_Problem to work on_:
Repeat the listing below in full, exactly.

_Excerpted data_:
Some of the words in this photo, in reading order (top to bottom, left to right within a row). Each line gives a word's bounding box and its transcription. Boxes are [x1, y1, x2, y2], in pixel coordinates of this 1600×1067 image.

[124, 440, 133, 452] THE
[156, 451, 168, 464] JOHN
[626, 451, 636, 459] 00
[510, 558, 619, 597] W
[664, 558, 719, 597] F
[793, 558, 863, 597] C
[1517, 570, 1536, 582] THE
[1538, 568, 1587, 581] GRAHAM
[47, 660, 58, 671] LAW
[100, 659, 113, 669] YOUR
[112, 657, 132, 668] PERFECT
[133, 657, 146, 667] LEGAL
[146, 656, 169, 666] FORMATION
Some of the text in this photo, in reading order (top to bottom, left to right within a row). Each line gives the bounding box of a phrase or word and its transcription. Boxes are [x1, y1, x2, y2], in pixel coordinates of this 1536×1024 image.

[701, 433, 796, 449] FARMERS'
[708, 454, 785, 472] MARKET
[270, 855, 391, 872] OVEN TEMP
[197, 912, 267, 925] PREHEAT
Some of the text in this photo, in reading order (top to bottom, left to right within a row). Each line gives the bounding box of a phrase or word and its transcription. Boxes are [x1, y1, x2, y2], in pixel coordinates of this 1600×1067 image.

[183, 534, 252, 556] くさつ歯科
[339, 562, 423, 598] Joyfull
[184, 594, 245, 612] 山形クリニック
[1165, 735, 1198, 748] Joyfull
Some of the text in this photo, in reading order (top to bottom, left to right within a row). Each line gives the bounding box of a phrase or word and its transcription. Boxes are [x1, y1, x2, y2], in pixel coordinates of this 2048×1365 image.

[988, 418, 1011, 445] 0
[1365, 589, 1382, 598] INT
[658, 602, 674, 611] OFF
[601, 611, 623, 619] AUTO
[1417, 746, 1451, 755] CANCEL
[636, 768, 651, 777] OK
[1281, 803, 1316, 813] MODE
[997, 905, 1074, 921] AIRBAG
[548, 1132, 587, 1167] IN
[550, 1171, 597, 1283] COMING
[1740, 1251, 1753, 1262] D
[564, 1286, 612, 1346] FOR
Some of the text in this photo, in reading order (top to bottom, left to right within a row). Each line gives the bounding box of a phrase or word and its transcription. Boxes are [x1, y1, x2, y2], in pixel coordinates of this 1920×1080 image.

_Solution for this problem_:
Some of the words in this photo, in reading order (top to bottom, left to right within a row). Each line gives a word's bounding box and its transcription. Boxes are [x1, y1, x2, y2], in pixel coordinates of this 1600×1067 image.

[124, 440, 133, 452] THE
[156, 451, 168, 464] JOHN
[626, 451, 636, 459] 00
[510, 558, 619, 597] W
[664, 558, 719, 597] F
[793, 558, 863, 597] C
[1517, 570, 1536, 582] THE
[1538, 568, 1587, 581] GRAHAM
[47, 660, 58, 671] LAW
[100, 659, 113, 669] YOUR
[112, 657, 132, 668] PERFECT
[133, 657, 146, 667] LEGAL
[146, 656, 169, 666] FORMATION
Some of the text in this photo, in reading order (top to bottom, left to right within a row). Each line gives the bounding box of a phrase or word and its transcription. Boxes are [x1, y1, x2, y2], in pixel coordinates of this 1536×1024 image.

[701, 433, 796, 449] FARMERS'
[708, 454, 785, 472] MARKET
[270, 855, 391, 872] OVEN TEMP
[197, 912, 267, 925] PREHEAT
Some of the text in this photo, in reading order (top to bottom, left to right within a row). Each line gives the bounding box of a phrase or word and its transcription. Boxes are [x1, y1, x2, y2], in pixel coordinates of this 1600×1067 image.

[183, 534, 252, 556] くさつ歯科
[339, 562, 423, 598] Joyfull
[184, 594, 245, 612] 山形クリニック
[1165, 735, 1198, 748] Joyfull
Some of the text in this photo, in reading order (top to bottom, left to right within a row). Each line gives the bounding box of a phrase or word and its transcription. Boxes are [x1, y1, x2, y2], in pixel coordinates of this 2048×1365 image.

[988, 418, 1011, 445] 0
[1365, 589, 1382, 598] INT
[658, 602, 674, 611] OFF
[601, 611, 623, 619] AUTO
[1417, 746, 1451, 755] CANCEL
[636, 768, 651, 777] OK
[1281, 803, 1316, 813] MODE
[997, 905, 1074, 921] AIRBAG
[548, 1132, 587, 1167] IN
[550, 1171, 597, 1283] COMING
[1740, 1251, 1753, 1262] D
[564, 1286, 612, 1346] FOR
Some of the text in this photo, in reading order (top to bottom, left to right within a row). Each line gives the bounding box of a phrase or word and its transcription. Boxes are [x1, y1, x2, y2], in pixel coordinates of this 1920×1080 image.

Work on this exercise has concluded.